First-time mothers were recruited prenatally via community advertisements from Morgantown, West Virginia. Morgantown is a small city with a population estimate of 26,809; of which, 89.5% were white with an annual median household income of $20,649 [17]. Potential participants were excluded on the basis of premature delivery, pregnancy with multiples, infant admission to the neonatal intensive care unit, history of or current treatment for major depressive disorder, or a score ≥16 on the Center for Epidemiologic Studies Depression Scale [18].

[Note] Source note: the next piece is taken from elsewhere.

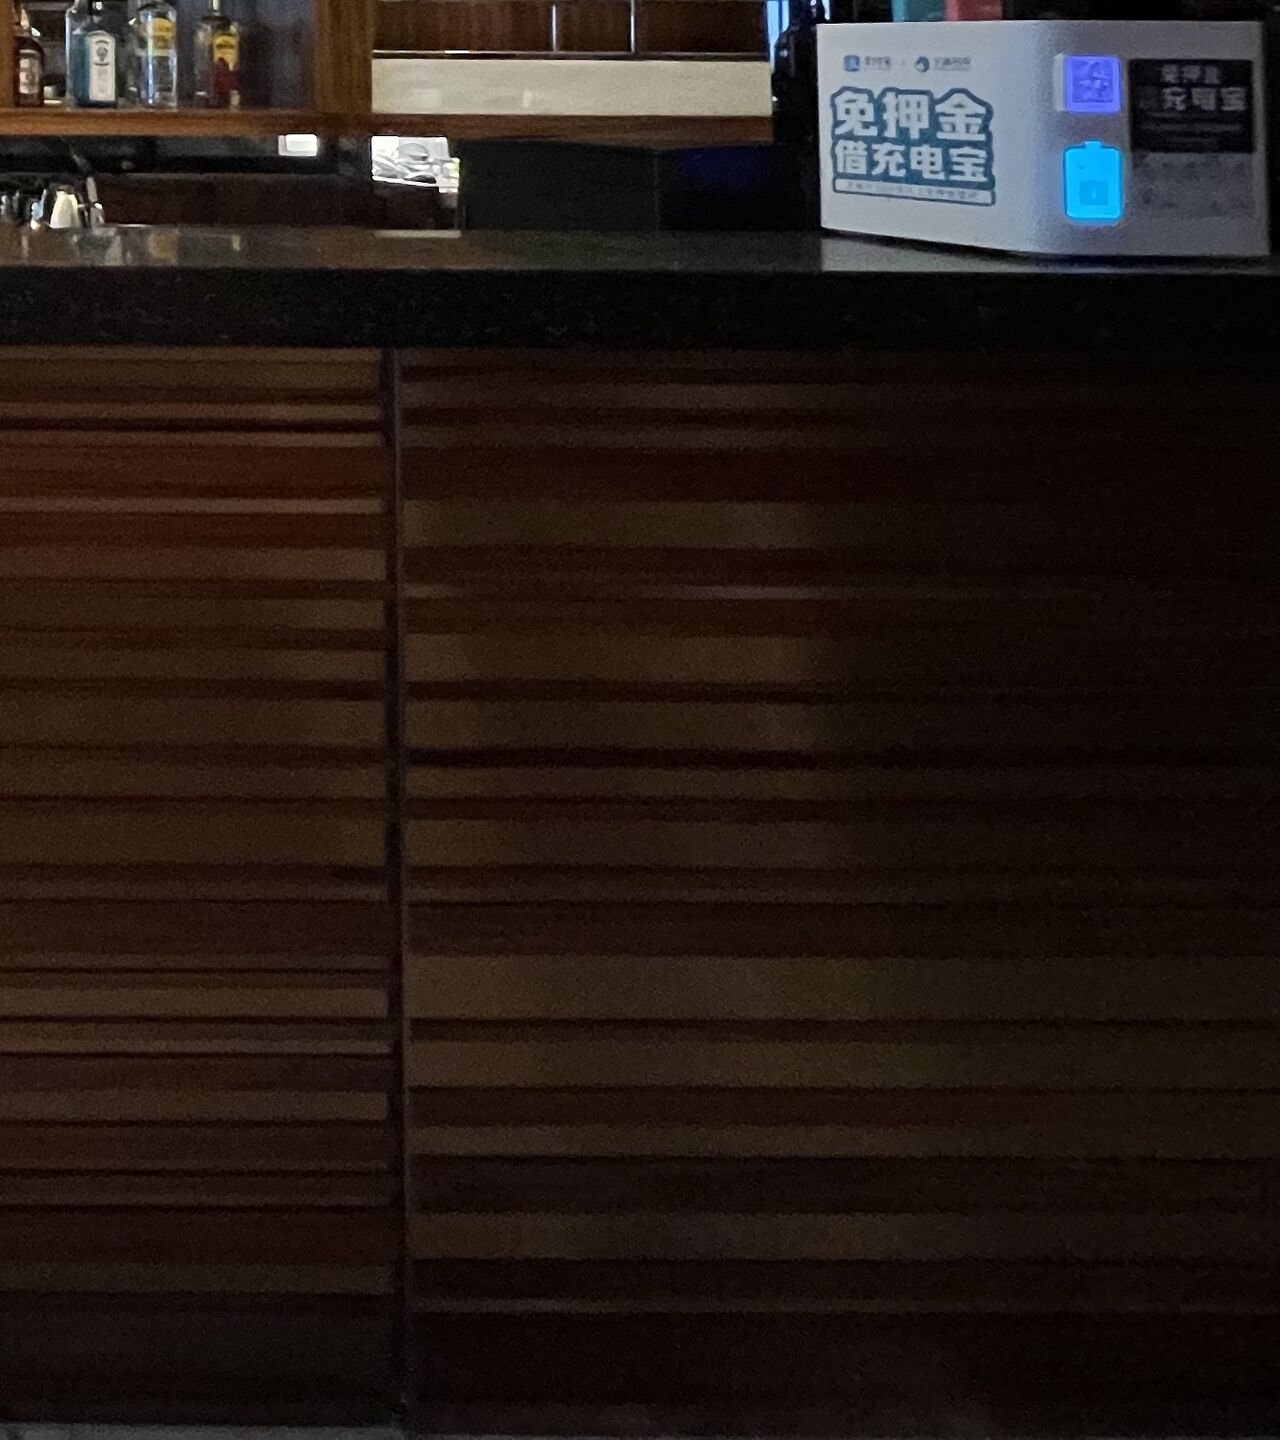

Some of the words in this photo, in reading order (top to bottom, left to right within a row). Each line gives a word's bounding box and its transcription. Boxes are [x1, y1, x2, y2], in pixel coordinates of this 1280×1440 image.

[834, 90, 987, 141] 免押金
[834, 139, 990, 183] 借充电宝

Among the total sample of 70 women, sample sizes across the three time points varied because within the longitudinal study, some participants had missing data during isolated weeks. Actigraphy and Palm Pilots were used for field-based data collection. If one system malfunctioned or was not accurately administered, all data for that week were lost. Weeks of actigraphy data lost to equipment malfunction were 2, 5, and 6 at postpartum weeks 2, 7, and 13, respectively. Weeks of Palm Pilot data lost to equipment malfunction were 5, 4, and 6 at postpartum weeks 2, 7, and 13, respectively. The longitudinal study design led to some participant attrition. One participant dropped from the study before week 7, and 8 participants had dropped by week 13. The remaining missing data points were due to participant nonadherance to the protocol. We did not statistically replace missing values.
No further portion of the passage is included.